Spatial localization data

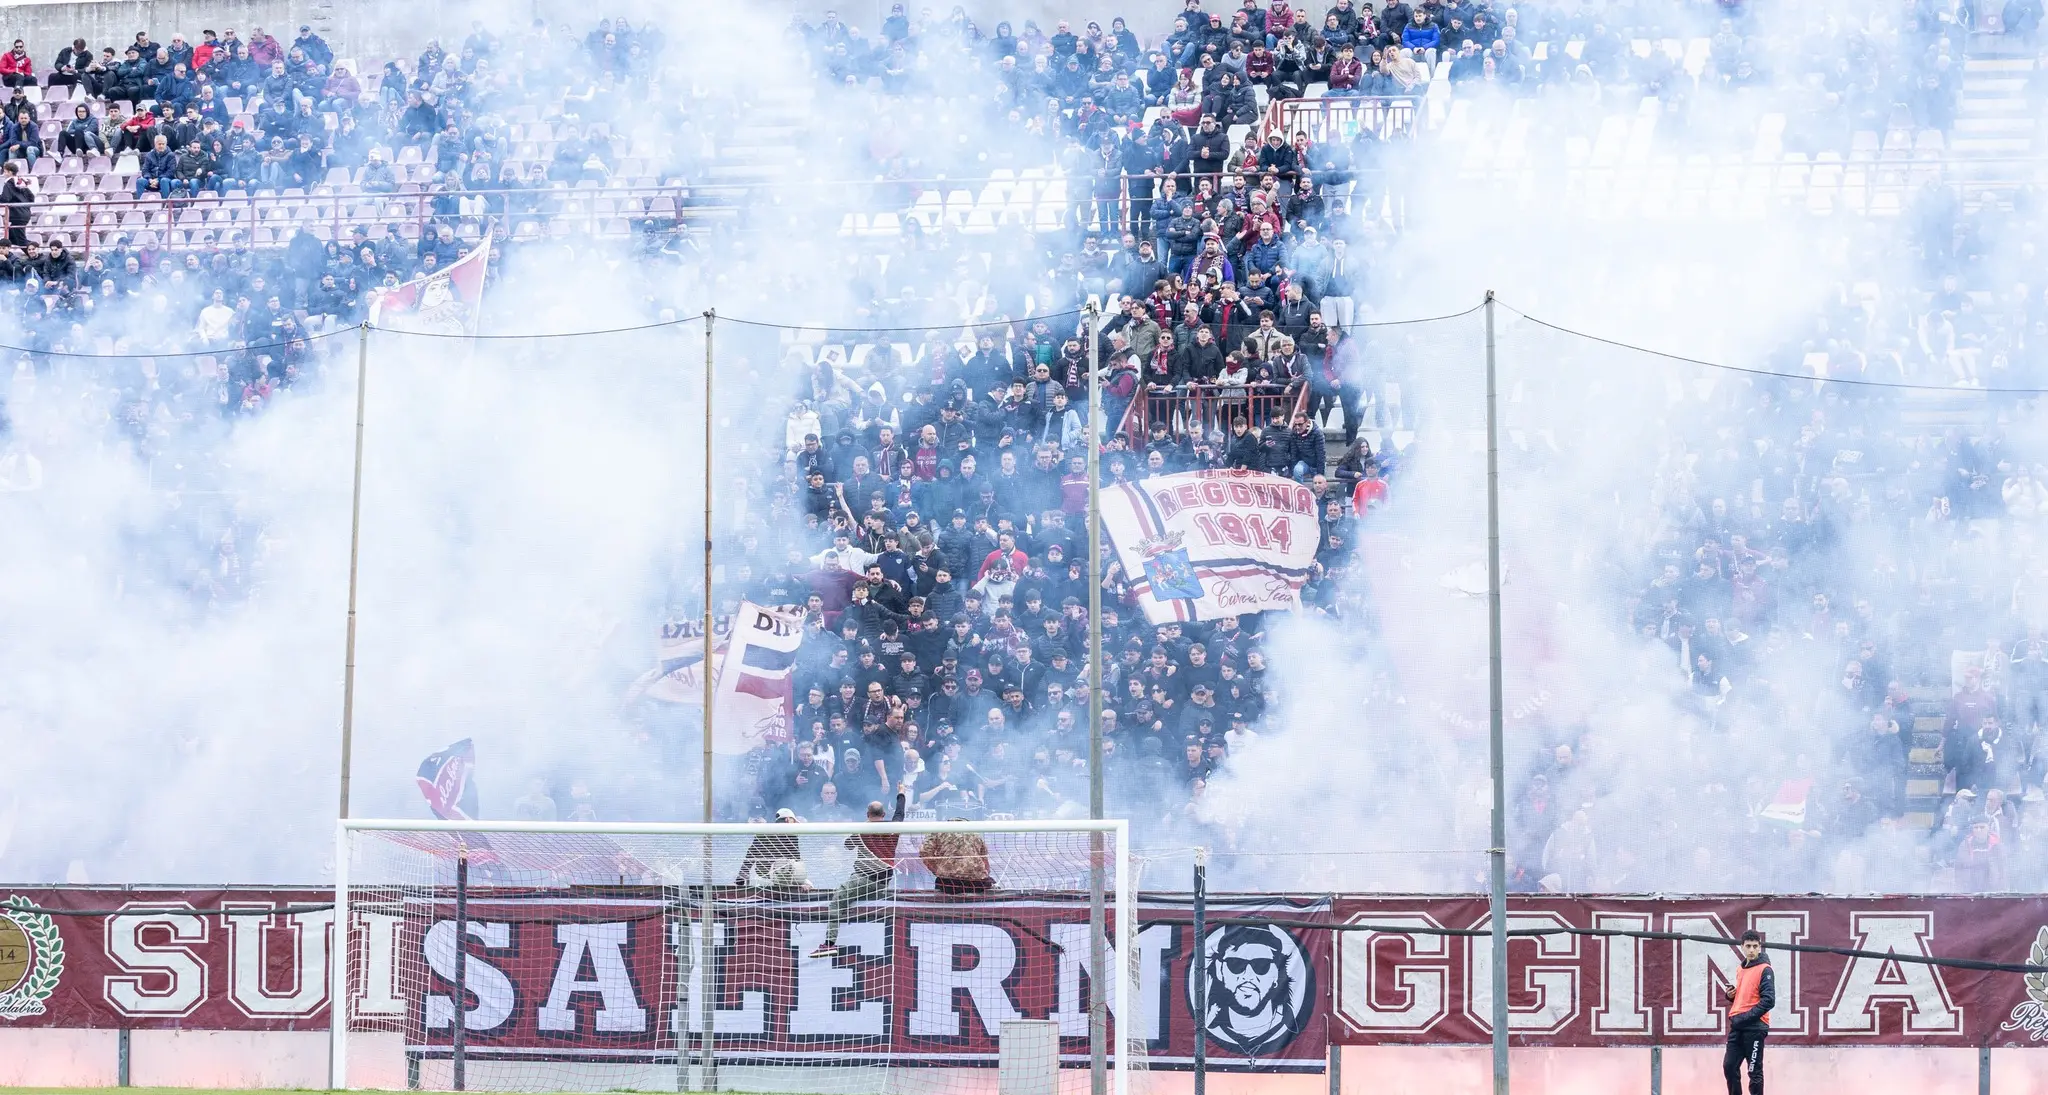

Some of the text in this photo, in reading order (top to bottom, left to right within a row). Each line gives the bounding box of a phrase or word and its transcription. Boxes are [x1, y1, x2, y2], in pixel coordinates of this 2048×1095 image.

[1153, 481, 1314, 521] REGGINA
[1193, 512, 1292, 554] 1914
[0, 996, 45, 1018] alabria
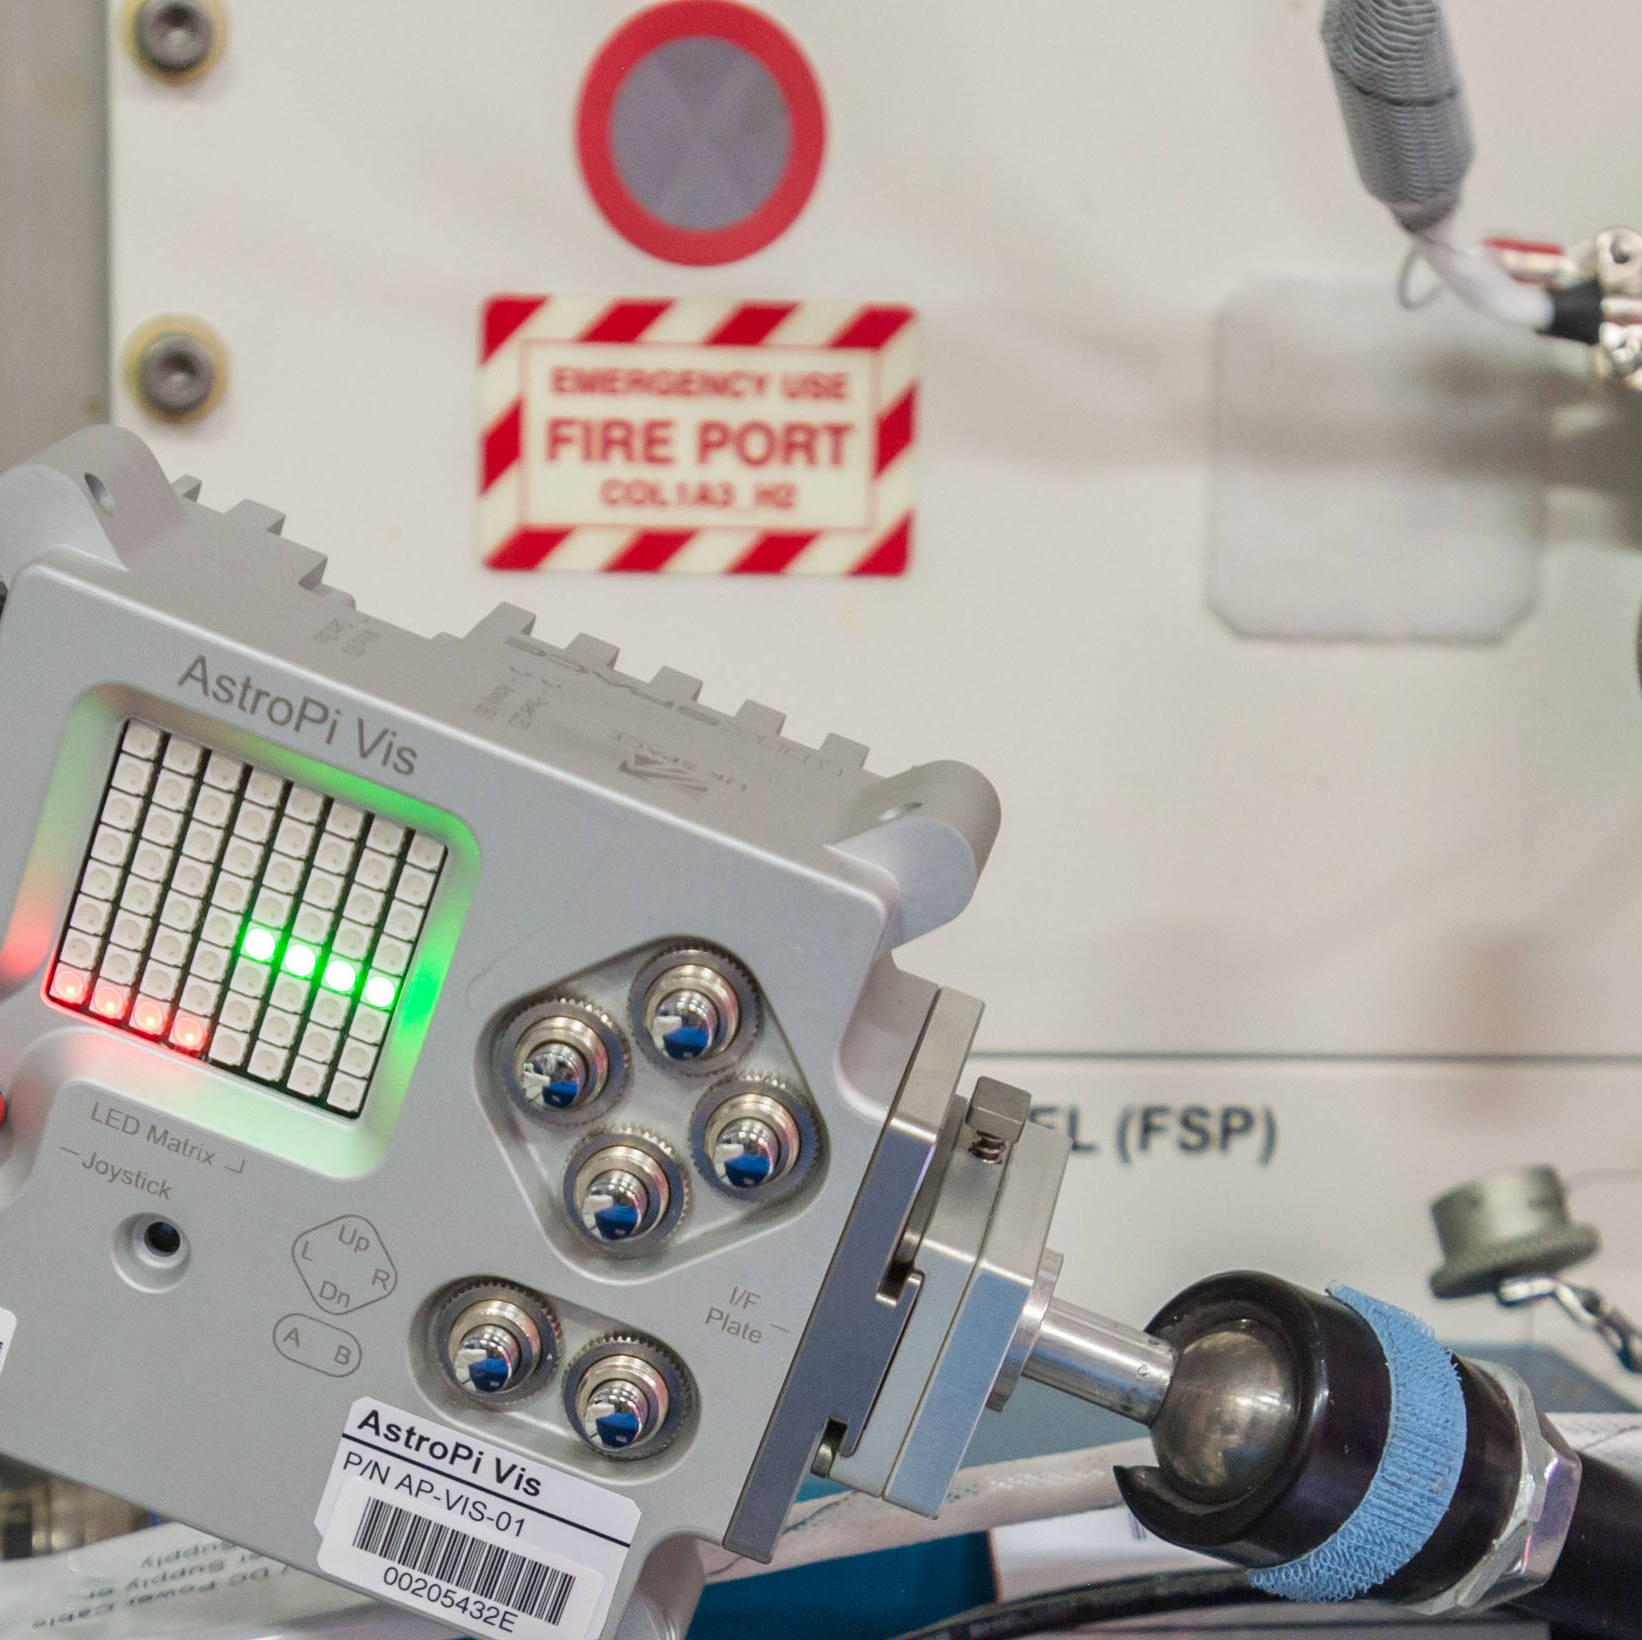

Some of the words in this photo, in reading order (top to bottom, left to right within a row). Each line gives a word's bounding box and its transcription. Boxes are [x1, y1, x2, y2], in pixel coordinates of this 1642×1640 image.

[550, 367, 768, 402] EMERGENCY
[782, 372, 853, 403] USE
[545, 419, 675, 465] FIRE
[696, 421, 856, 469] PORT
[178, 653, 342, 746] AstroPi
[357, 717, 420, 777] Vis
[90, 1101, 141, 1136] LED
[145, 1123, 217, 1167] Matrix
[1116, 1104, 1278, 1165] (FSP)
[81, 1151, 173, 1201] Joystick
[338, 1224, 371, 1253] Up
[300, 1240, 315, 1262] L
[370, 1268, 392, 1292] R
[318, 1280, 352, 1308] Dn
[728, 1285, 762, 1311] I/F
[282, 1326, 301, 1349] A
[333, 1344, 353, 1366] B
[704, 1307, 764, 1345] Plate
[356, 1408, 485, 1474] AstroPi
[493, 1456, 543, 1498] Vis
[342, 1450, 392, 1487] P/N
[394, 1473, 526, 1538] AP-VIS-01
[32, 1601, 115, 1630] Cable
[382, 1566, 520, 1635] 00205432E
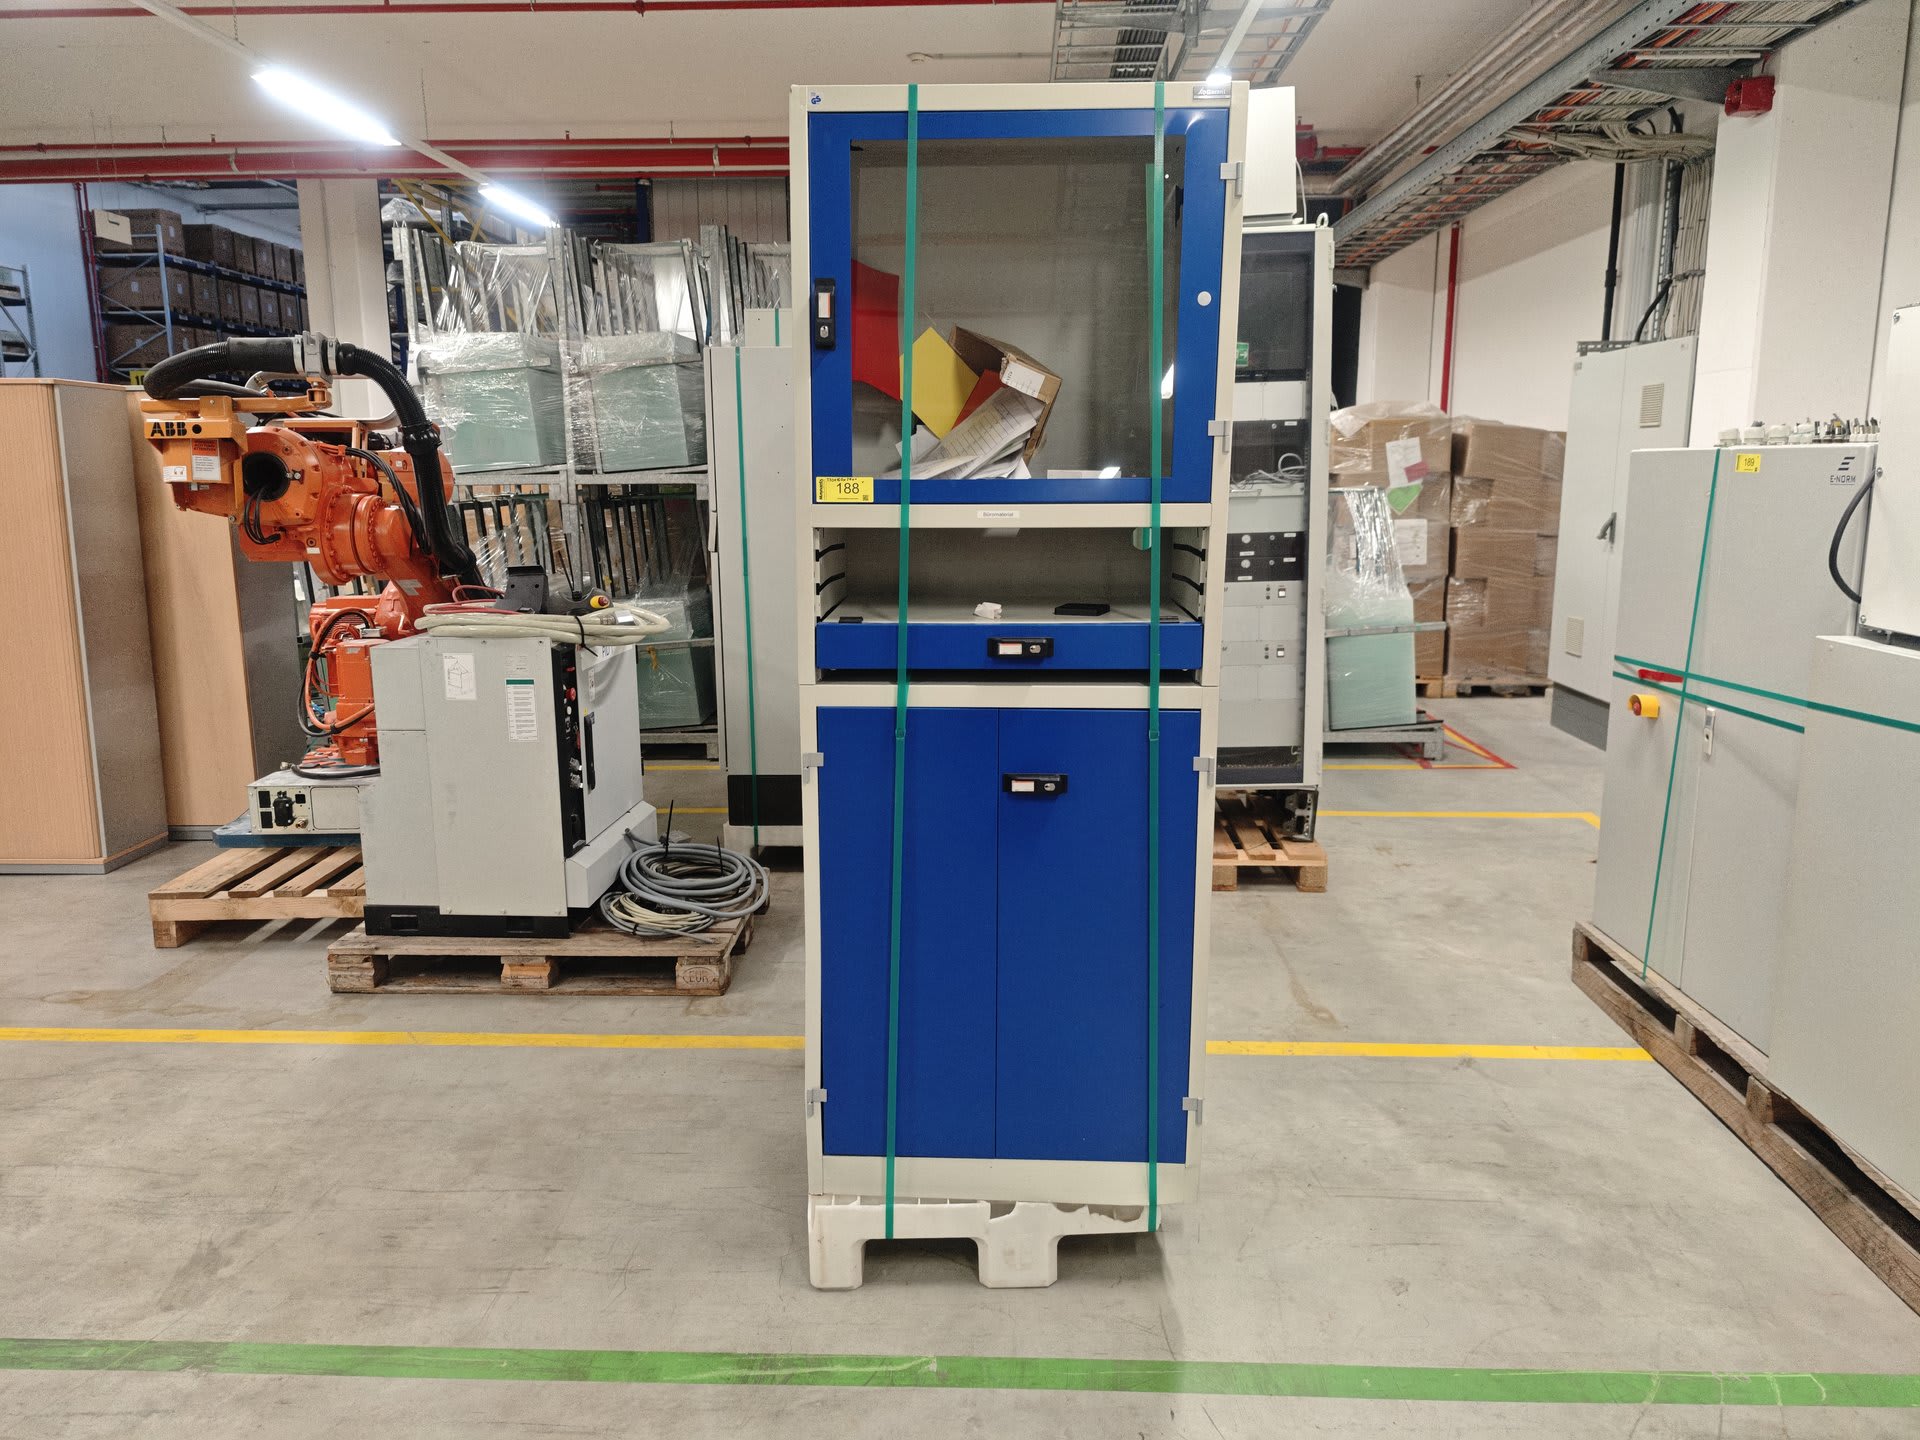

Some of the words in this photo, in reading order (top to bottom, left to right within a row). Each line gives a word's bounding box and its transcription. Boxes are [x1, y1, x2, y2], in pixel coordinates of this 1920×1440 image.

§ **PROMPT**
Print each record exactly as it stands, omitting the pictures.

§ **ANSWER**
Some of the text in this photo, in reading order (top to bottom, left to right within a row). Each line gives the bounding box of a phrase or word and its transcription. Boxes are [x1, y1, x2, y2], in pixel coordinates of this 2048×1095 image.

[1153, 481, 1314, 521] REGGINA
[1193, 512, 1292, 554] 1914
[0, 996, 45, 1018] alabria

Some of the words in this photo, in reading order (top to bottom, left to right within a row). Each line gives a word's bounding box and its transcription. Boxes are [x1, y1, x2, y2], in pixel coordinates of this 1642×1640 image.

[550, 367, 768, 402] EMERGENCY
[782, 372, 853, 403] USE
[545, 419, 675, 465] FIRE
[696, 421, 856, 469] PORT
[178, 653, 342, 746] AstroPi
[357, 717, 420, 777] Vis
[90, 1101, 141, 1136] LED
[145, 1123, 217, 1167] Matrix
[1116, 1104, 1278, 1165] (FSP)
[81, 1151, 173, 1201] Joystick
[338, 1224, 371, 1253] Up
[300, 1240, 315, 1262] L
[370, 1268, 392, 1292] R
[318, 1280, 352, 1308] Dn
[728, 1285, 762, 1311] I/F
[282, 1326, 301, 1349] A
[333, 1344, 353, 1366] B
[704, 1307, 764, 1345] Plate
[356, 1408, 485, 1474] AstroPi
[493, 1456, 543, 1498] Vis
[342, 1450, 392, 1487] P/N
[394, 1473, 526, 1538] AP-VIS-01
[32, 1601, 115, 1630] Cable
[382, 1566, 520, 1635] 00205432E

Some of the words in this photo, in reading order (top to bottom, left to right within a row). Each line gives a word's bounding box and its transcription. Boxes are [x1, y1, x2, y2], in pixel coordinates of this 1920×1440 image.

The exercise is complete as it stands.